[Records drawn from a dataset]
== Segment start ==

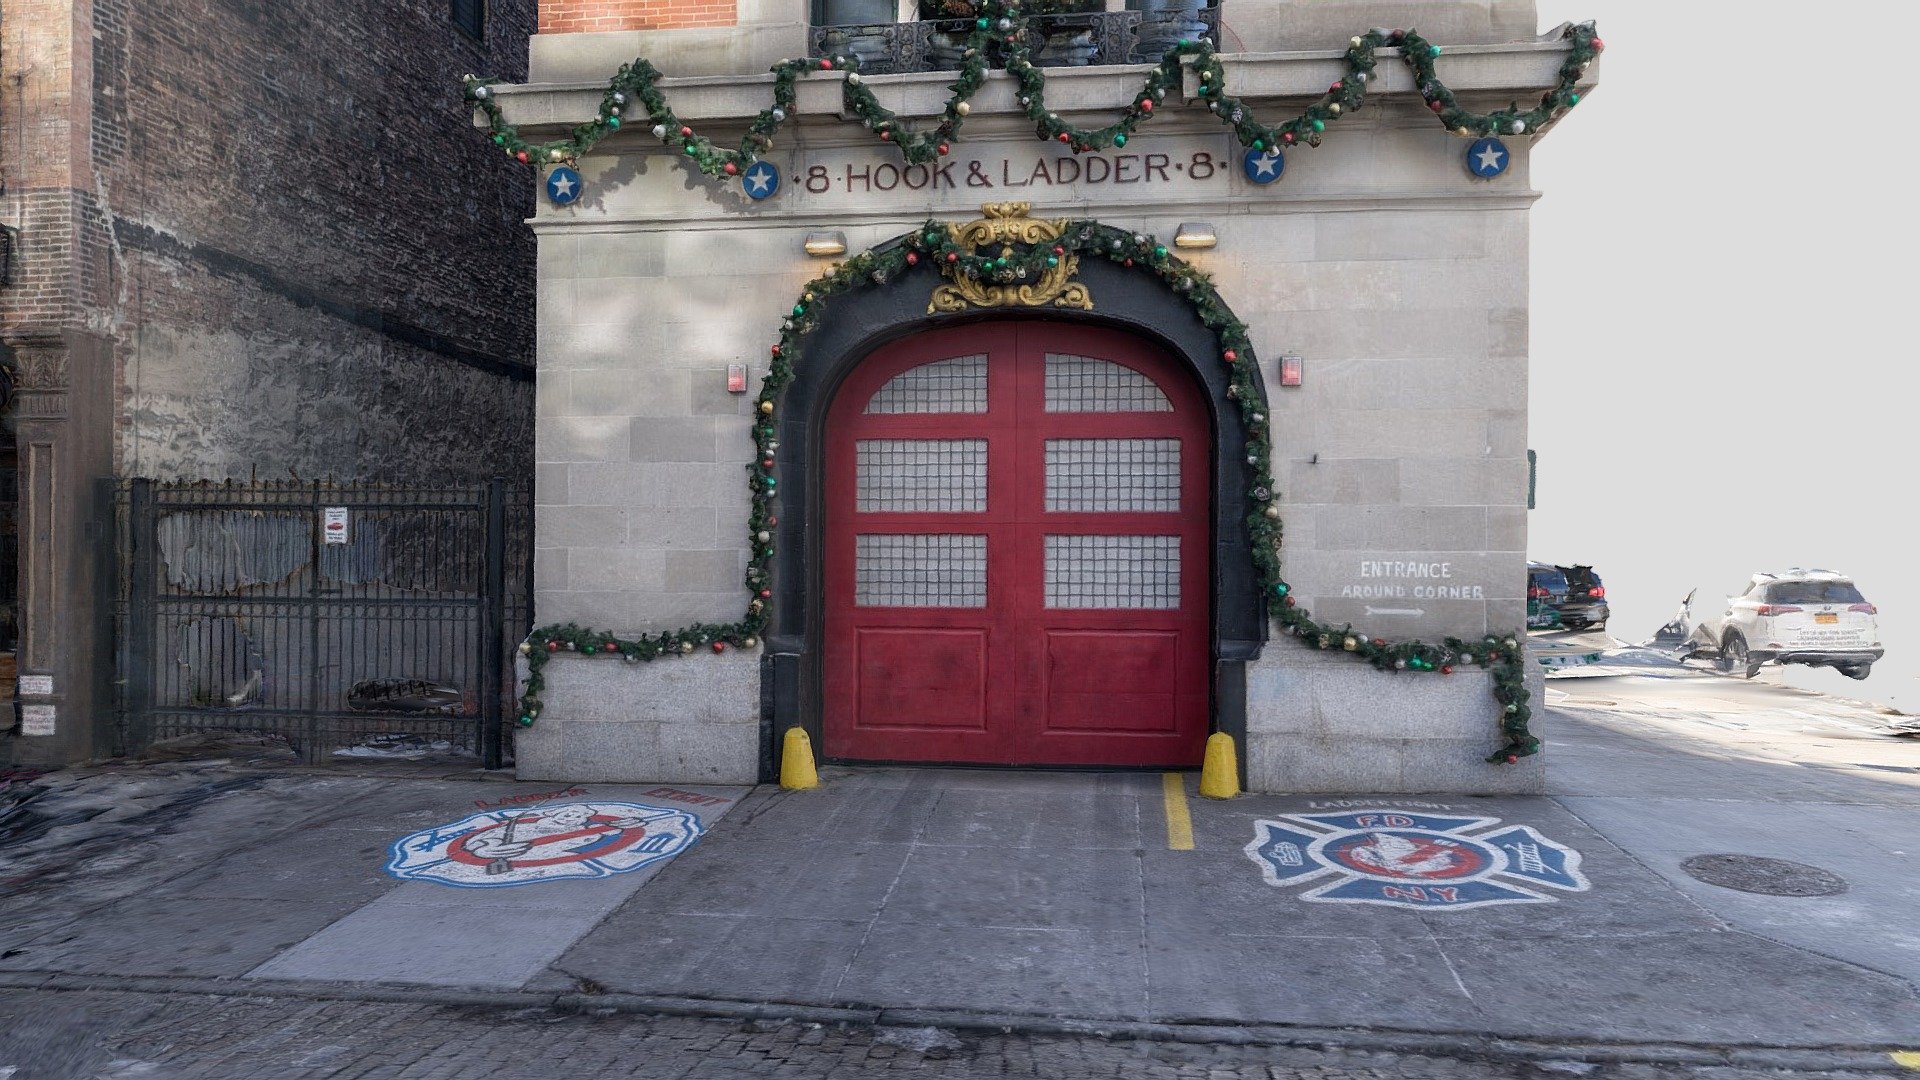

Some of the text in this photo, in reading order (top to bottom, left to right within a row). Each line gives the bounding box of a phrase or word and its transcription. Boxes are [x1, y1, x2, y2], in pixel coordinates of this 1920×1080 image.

[846, 161, 957, 192] HOOK
[966, 160, 993, 187] &
[1003, 153, 1170, 187] LADDER
[1360, 560, 1451, 578] ENTRANCE
[1342, 584, 1484, 599] AROUND CORNER
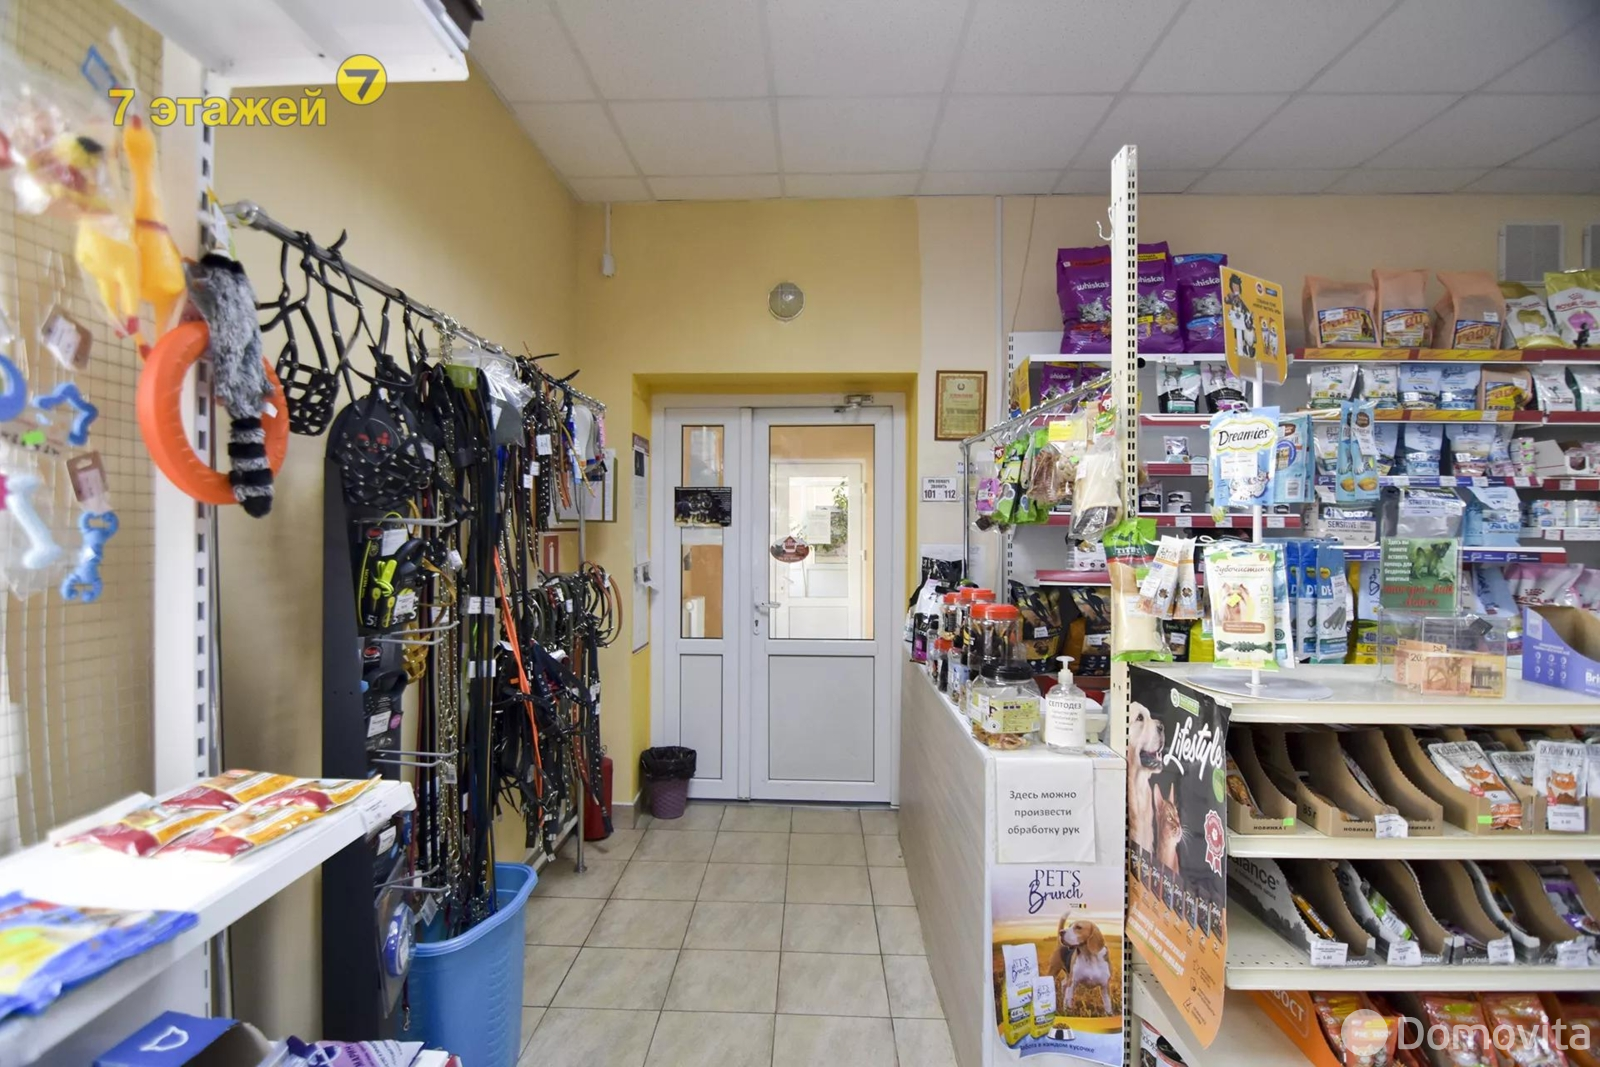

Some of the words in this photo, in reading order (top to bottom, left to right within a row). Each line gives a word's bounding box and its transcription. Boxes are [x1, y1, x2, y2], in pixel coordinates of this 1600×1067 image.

[1077, 281, 1110, 291] whiskas
[1193, 276, 1220, 287] whiska
[1218, 426, 1270, 447] Dreamies
[924, 489, 936, 499] 101
[944, 489, 956, 499] 112
[1327, 520, 1357, 529] SENSITIVE
[1585, 671, 1600, 683] Bri
[1048, 700, 1082, 710] СЕПТОДЕЗ
[1163, 716, 1223, 781] Lifestyle
[1009, 790, 1039, 801] Здесь
[1041, 790, 1077, 800] можно
[1014, 807, 1072, 819] произвести
[1302, 804, 1312, 817] 85
[1007, 824, 1060, 837] обработку
[1062, 826, 1080, 837] рук
[1035, 869, 1081, 887] PET'S
[1028, 879, 1083, 914] Brunch
[1462, 956, 1489, 964] probal
[1273, 990, 1304, 1022] ВОСТ
[1069, 1044, 1095, 1053] кусочке
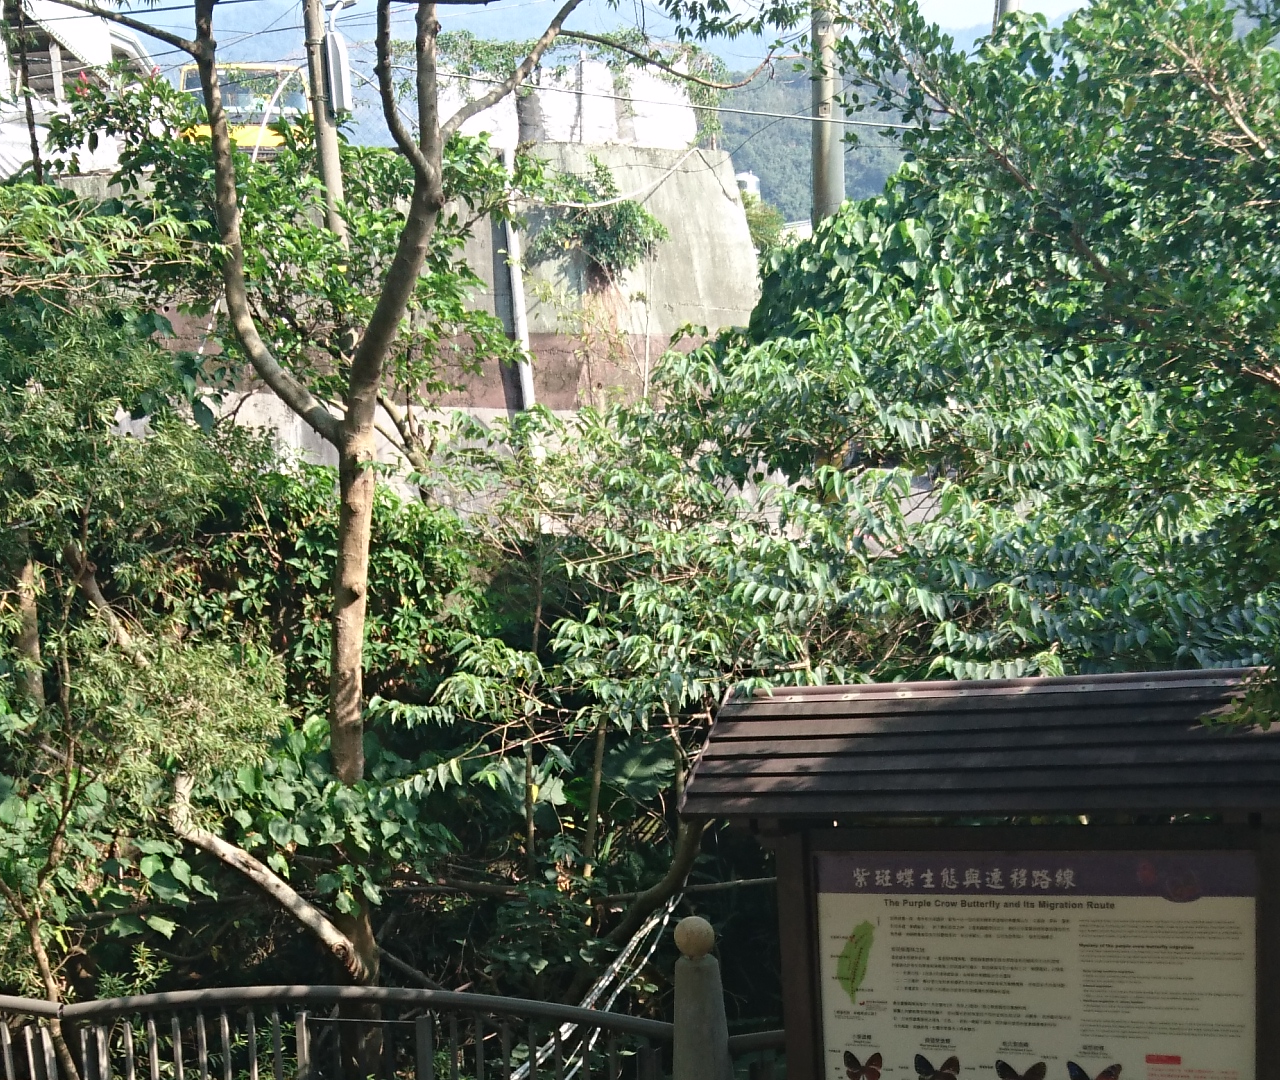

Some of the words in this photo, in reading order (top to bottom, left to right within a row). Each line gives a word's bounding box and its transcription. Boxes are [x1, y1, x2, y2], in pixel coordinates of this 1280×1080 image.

[852, 867, 1076, 890] 紫斑蝶生態與遷移路線
[884, 898, 900, 907] The
[902, 899, 931, 909] Purple
[934, 899, 958, 908] Crow
[960, 900, 1001, 910] Butterfly
[1003, 901, 1020, 909] and
[1023, 901, 1035, 909] Its
[1038, 901, 1084, 911] Migration
[1086, 902, 1116, 910] Route
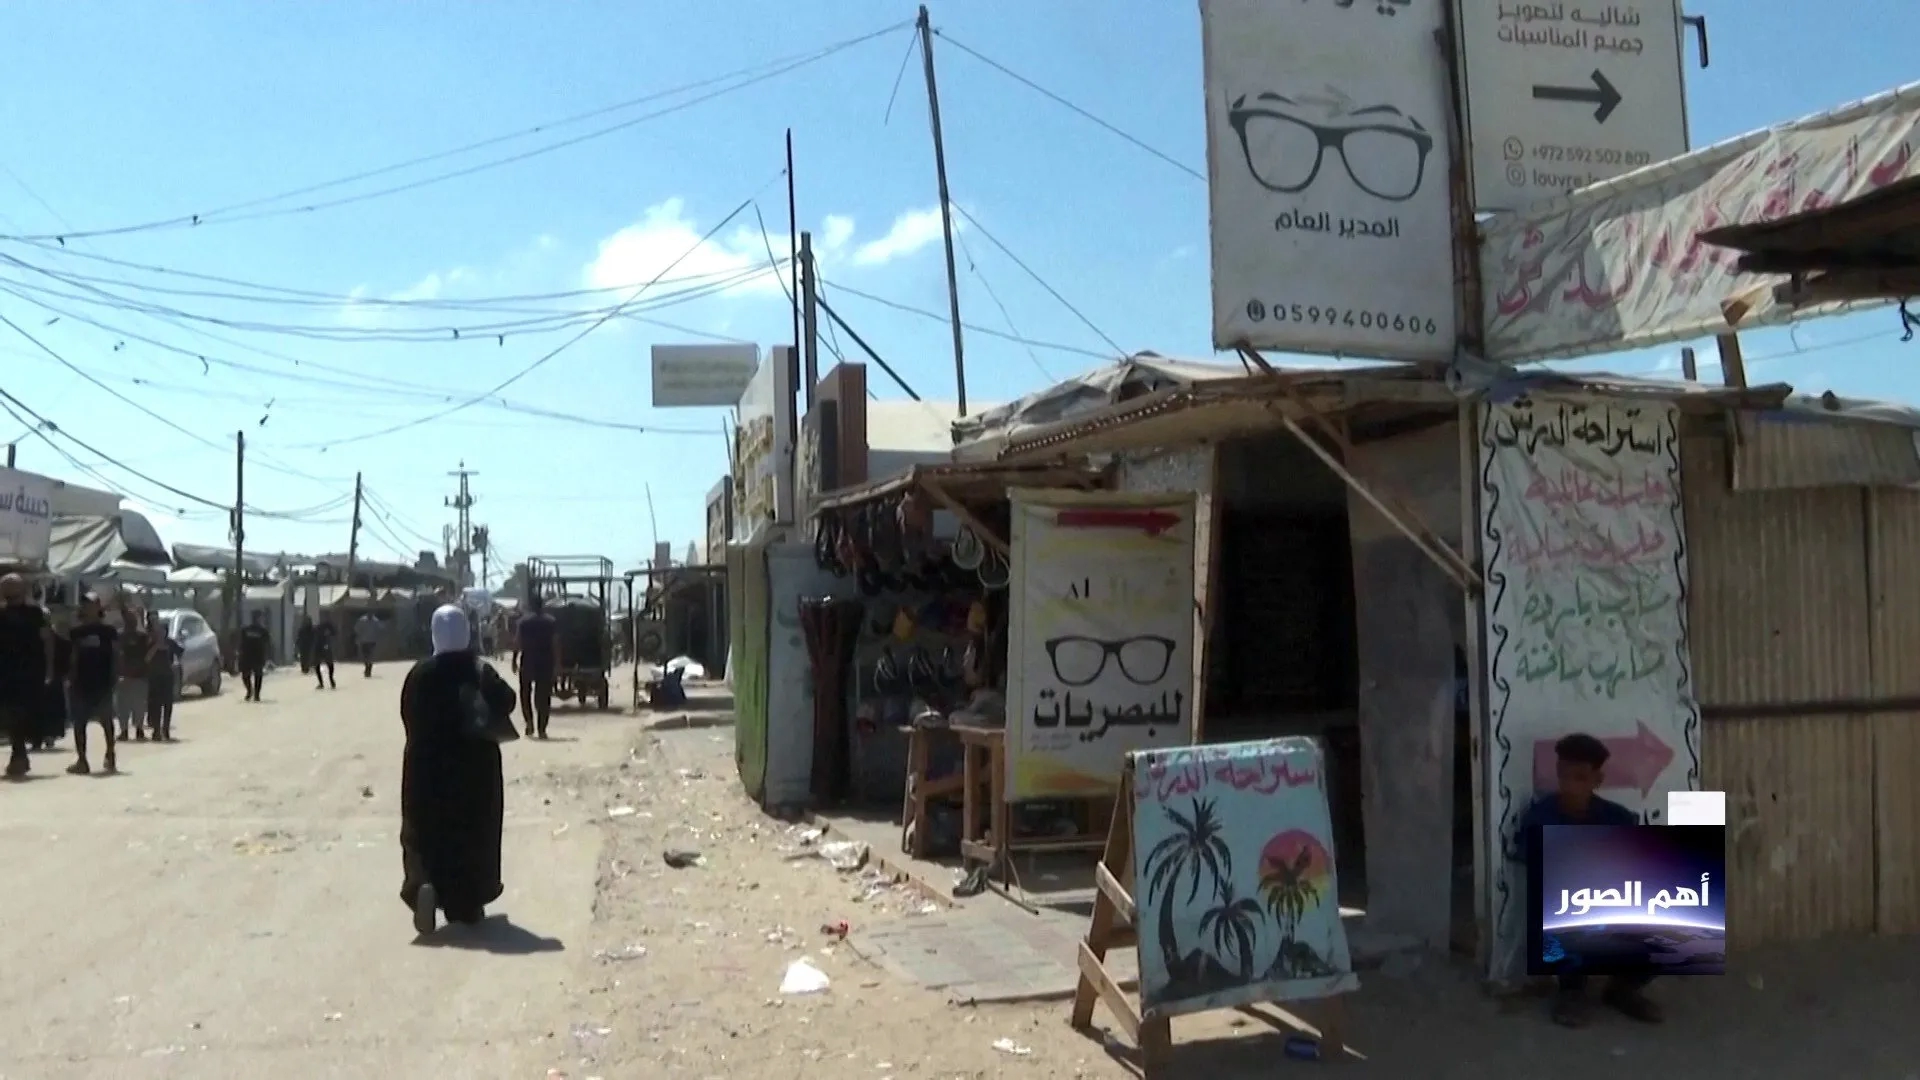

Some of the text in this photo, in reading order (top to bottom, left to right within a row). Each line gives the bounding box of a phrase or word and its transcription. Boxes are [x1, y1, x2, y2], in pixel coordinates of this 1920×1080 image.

== Segment end ==

Return every entry above exactly as written, with no pictures included.

* [Solution]
Some of the text in this photo, in reading order (top to bottom, left to right within a row). Each line gives the bounding box of a phrase or word and its transcription. Boxes are [x1, y1, x2, y2], in pixel coordinates of this 1920×1080 image.

[846, 161, 957, 192] HOOK
[966, 160, 993, 187] &
[1003, 153, 1170, 187] LADDER
[1360, 560, 1451, 578] ENTRANCE
[1342, 584, 1484, 599] AROUND CORNER

Some of the words in this photo, in reading order (top to bottom, left to right within a row). Each line gives a word's bounding box and its transcription. Boxes are [x1, y1, x2, y2], in pixel coordinates of this 1600×1067 image.

[1077, 281, 1110, 291] whiskas
[1193, 276, 1220, 287] whiska
[1218, 426, 1270, 447] Dreamies
[924, 489, 936, 499] 101
[944, 489, 956, 499] 112
[1327, 520, 1357, 529] SENSITIVE
[1585, 671, 1600, 683] Bri
[1048, 700, 1082, 710] СЕПТОДЕЗ
[1163, 716, 1223, 781] Lifestyle
[1009, 790, 1039, 801] Здесь
[1041, 790, 1077, 800] можно
[1014, 807, 1072, 819] произвести
[1302, 804, 1312, 817] 85
[1007, 824, 1060, 837] обработку
[1062, 826, 1080, 837] рук
[1035, 869, 1081, 887] PET'S
[1028, 879, 1083, 914] Brunch
[1462, 956, 1489, 964] probal
[1273, 990, 1304, 1022] ВОСТ
[1069, 1044, 1095, 1053] кусочке

Some of the words in this photo, in reading order (top to bottom, left to right within a row). Each line gives a word's bounding box and its transcription. Boxes are [x1, y1, x2, y2], in pixel coordinates of this 1280×1080 image.

[852, 867, 1076, 890] 紫斑蝶生態與遷移路線
[884, 898, 900, 907] The
[902, 899, 931, 909] Purple
[934, 899, 958, 908] Crow
[960, 900, 1001, 910] Butterfly
[1003, 901, 1020, 909] and
[1023, 901, 1035, 909] Its
[1038, 901, 1084, 911] Migration
[1086, 902, 1116, 910] Route

Some of the text in this photo, in reading order (top to bottom, left to right within a row). Each line gives the bounding box of a phrase or word and its transcription. Boxes are [x1, y1, x2, y2], in pixel coordinates of this 1920×1080 image.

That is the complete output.